**WORK TASK:** Could you reproduce, exactly as written, every line from the one containing "Some of the text" through the last line of the records, and nothing else?

**EXERCISE DATA:**
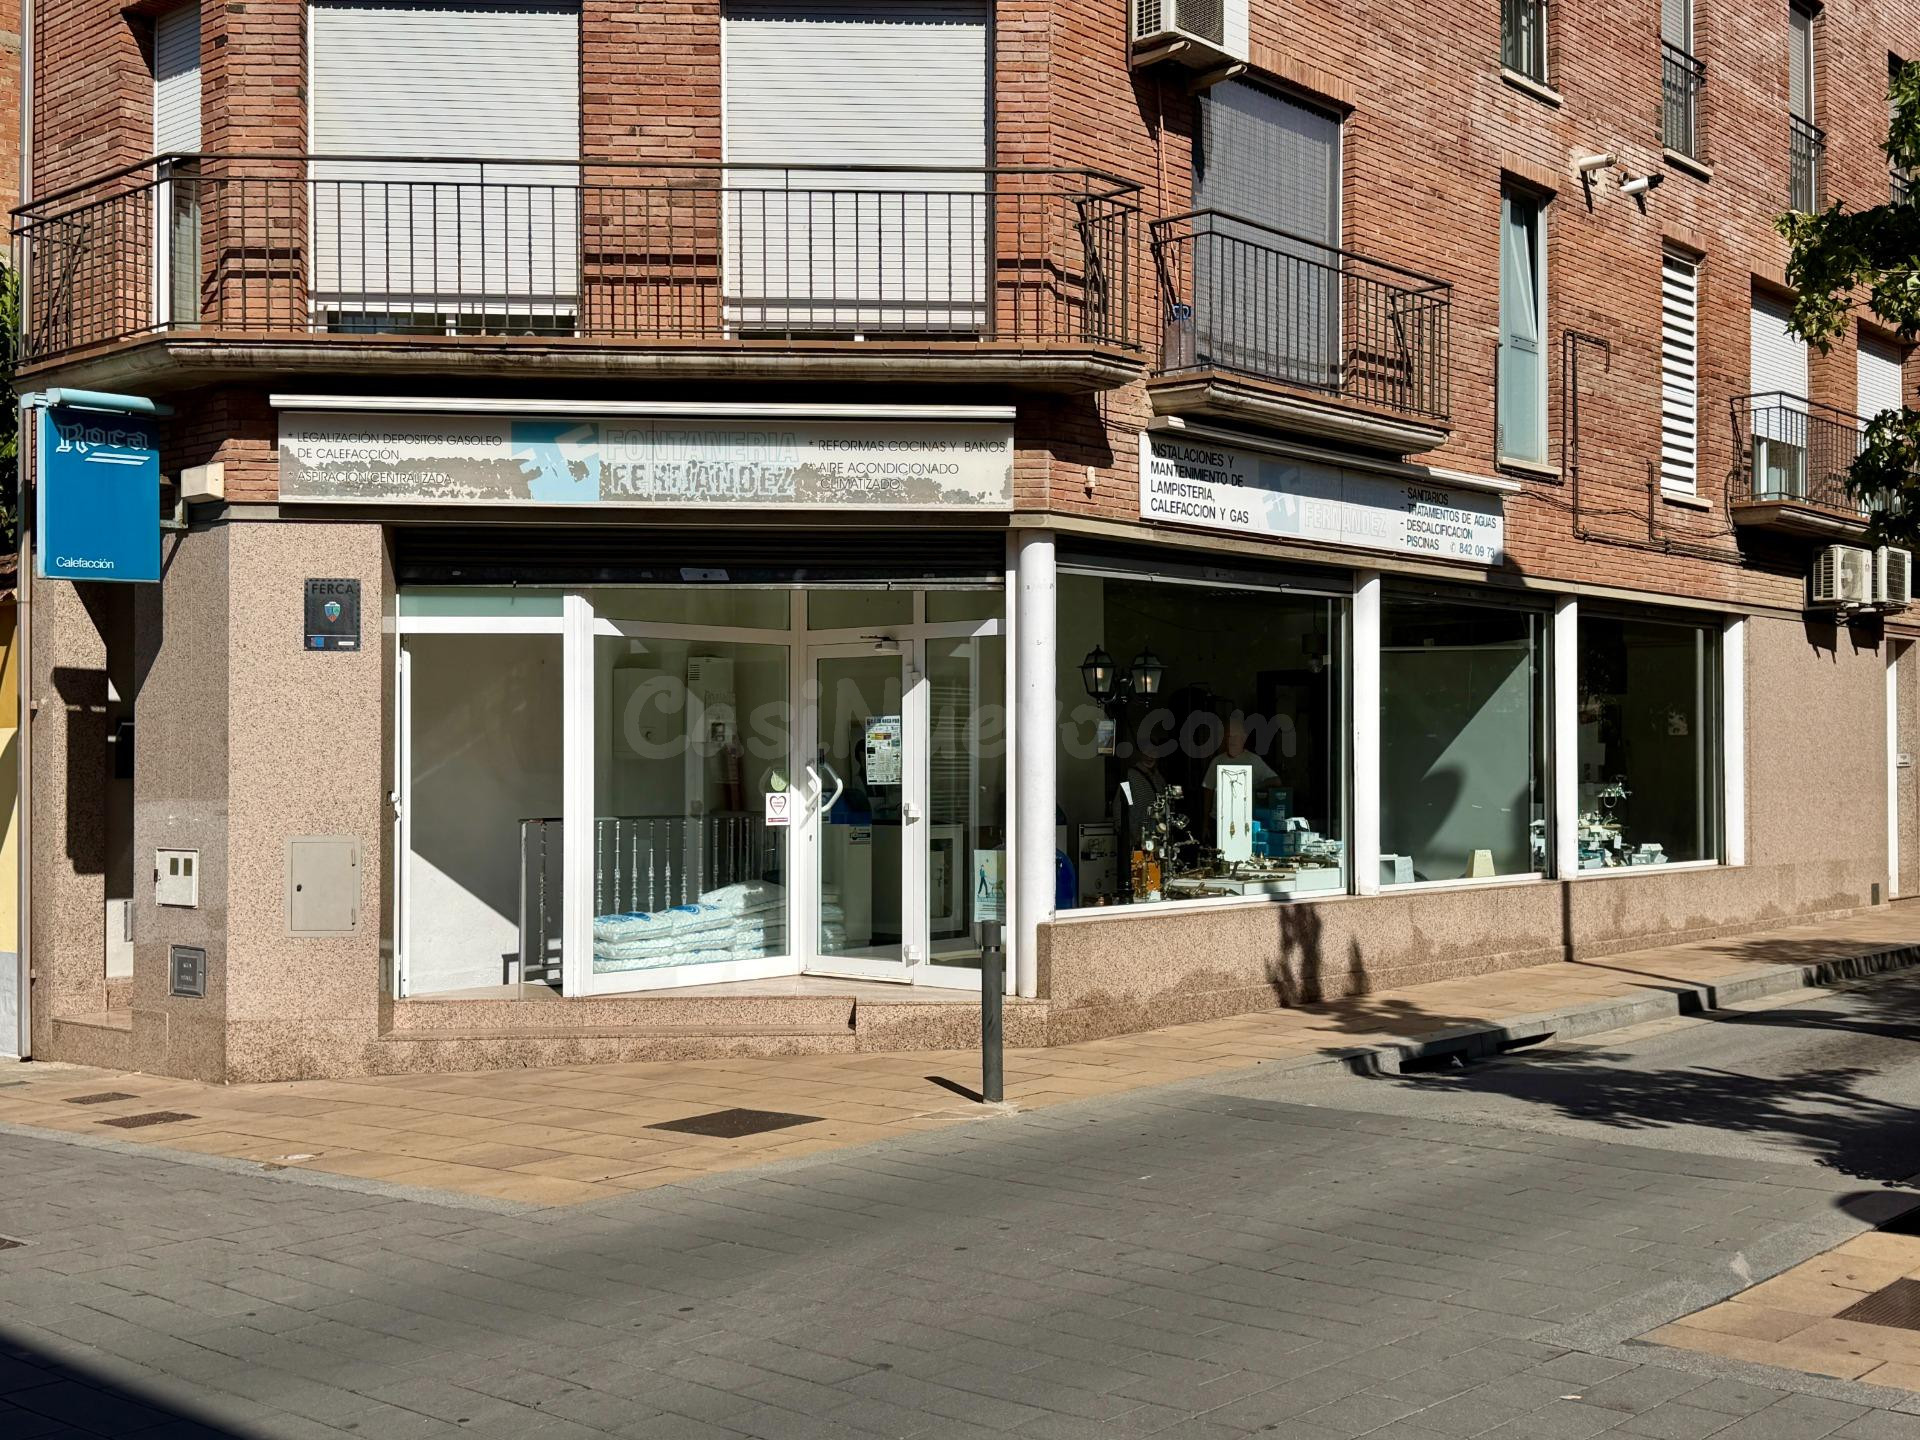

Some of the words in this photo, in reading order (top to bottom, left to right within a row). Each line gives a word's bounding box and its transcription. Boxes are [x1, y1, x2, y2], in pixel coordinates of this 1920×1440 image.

[56, 423, 149, 454] Roca
[383, 433, 443, 445] DEPOSITOS
[447, 435, 502, 446] GASOLEO
[606, 429, 799, 462] FONTANERIA
[818, 439, 884, 452] REFORMAS
[888, 440, 946, 452] COCINAS
[949, 441, 957, 452] Y
[297, 448, 313, 458] DE
[818, 462, 843, 474] AIRE
[849, 463, 959, 475] ACONDICIONADO
[1229, 455, 1235, 468] Y
[1151, 461, 1228, 485] MANTENIMIENTO
[1231, 474, 1244, 487] DE
[1407, 488, 1449, 505] SANITARIOS
[1151, 497, 1216, 520] CALEFACCION
[1220, 507, 1226, 521] Y
[1229, 509, 1249, 524] GAS
[1407, 504, 1460, 523] TRATAMIENTOS
[1461, 513, 1472, 525] DE
[1474, 515, 1497, 529] AGUAS
[1406, 519, 1473, 540] DESCALCIFICACION
[1406, 537, 1440, 551] PISCINAS
[1459, 543, 1474, 555] 842
[1475, 546, 1486, 557] 09
[1487, 547, 1496, 559] 73
[56, 556, 115, 569] Calefacción
[311, 583, 354, 594] FERCA
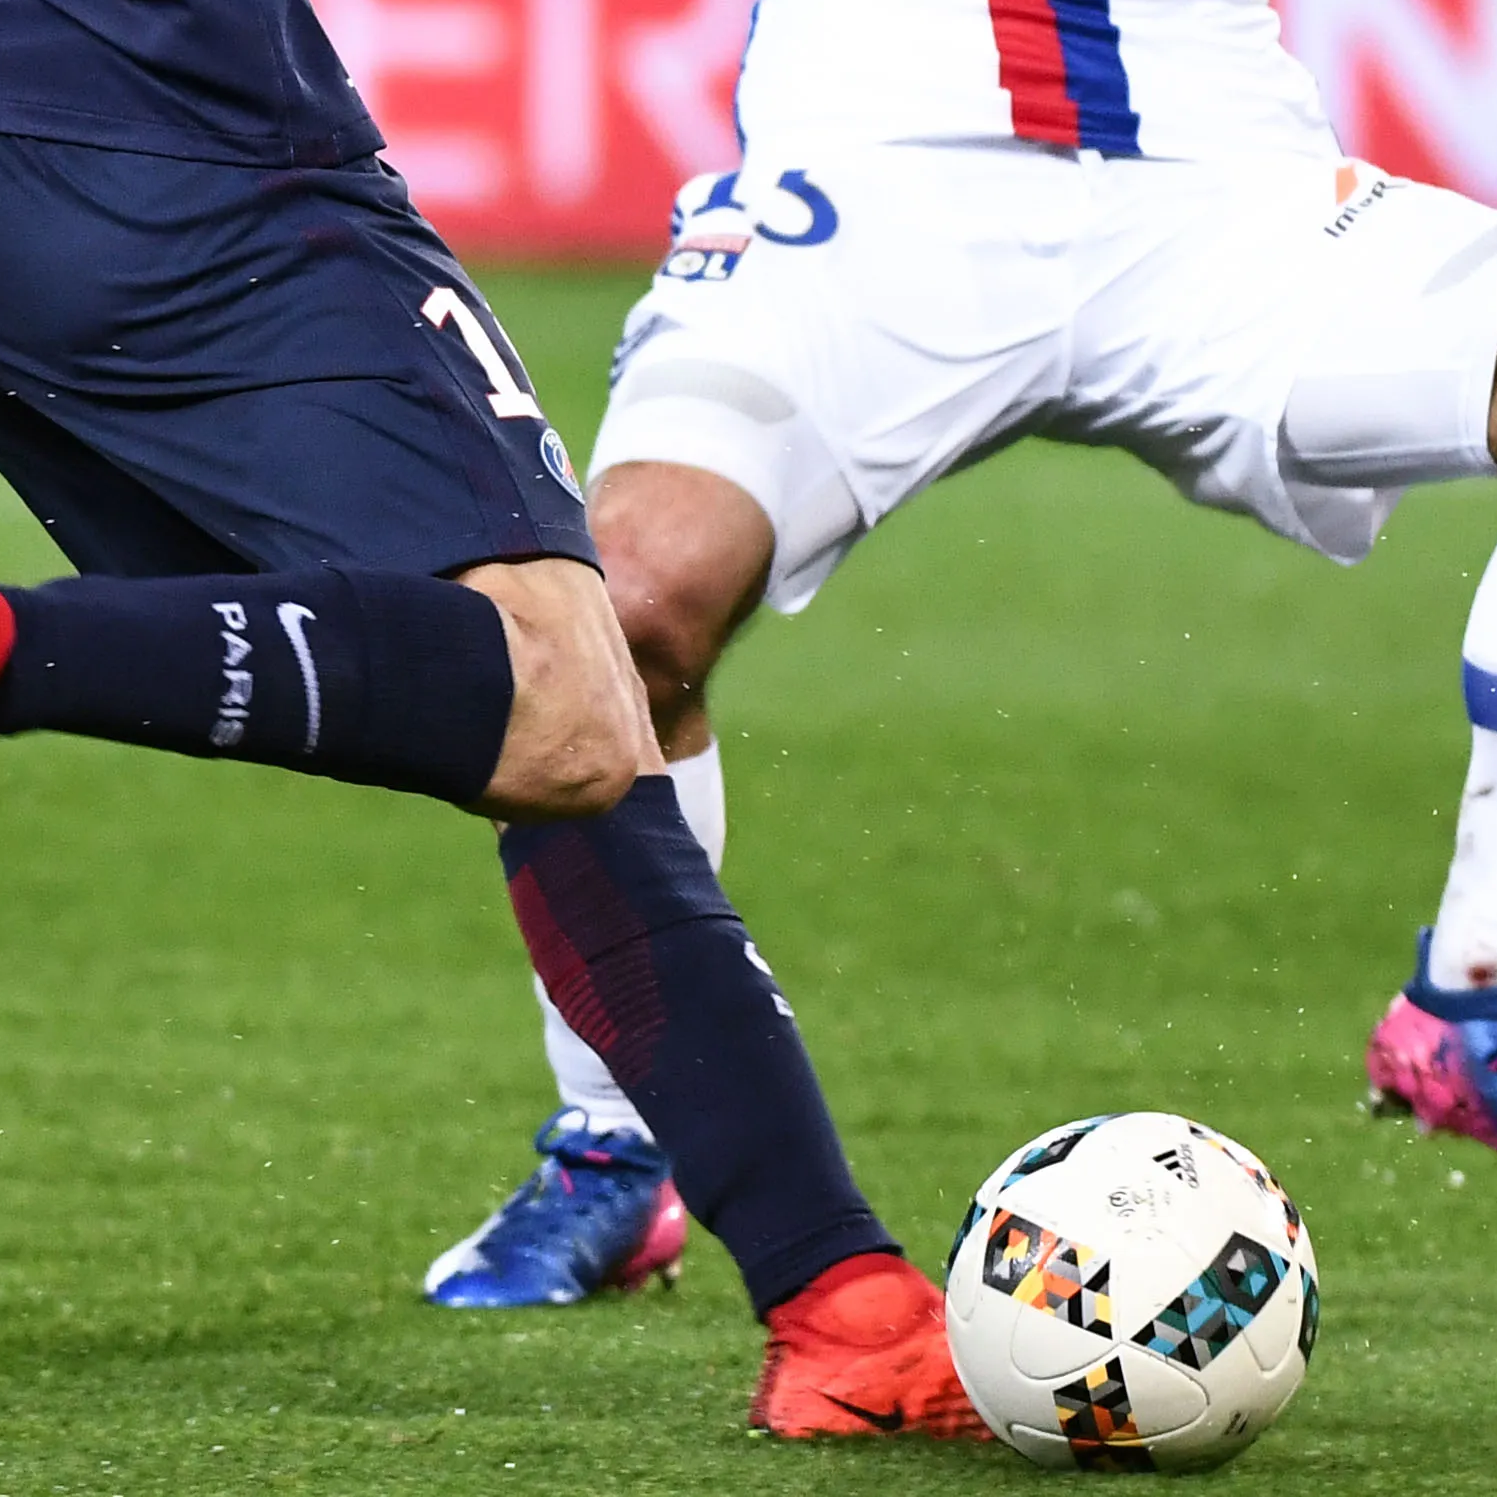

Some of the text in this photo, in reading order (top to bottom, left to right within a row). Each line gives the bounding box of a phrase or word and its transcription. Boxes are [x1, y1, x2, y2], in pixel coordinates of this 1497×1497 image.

[666, 250, 733, 281] OL
[419, 286, 544, 420] 1
[210, 602, 253, 747] PARIS

**EXERCISE RESULT:**
Some of the text in this photo, in reading order (top to bottom, left to right within a row). Each line gives the bounding box of a phrase or word and its transcription. Boxes are [x1, y1, x2, y2], in pixel coordinates of this 1497×1497 image.

[666, 250, 733, 281] OL
[419, 286, 544, 420] 1
[210, 602, 253, 747] PARIS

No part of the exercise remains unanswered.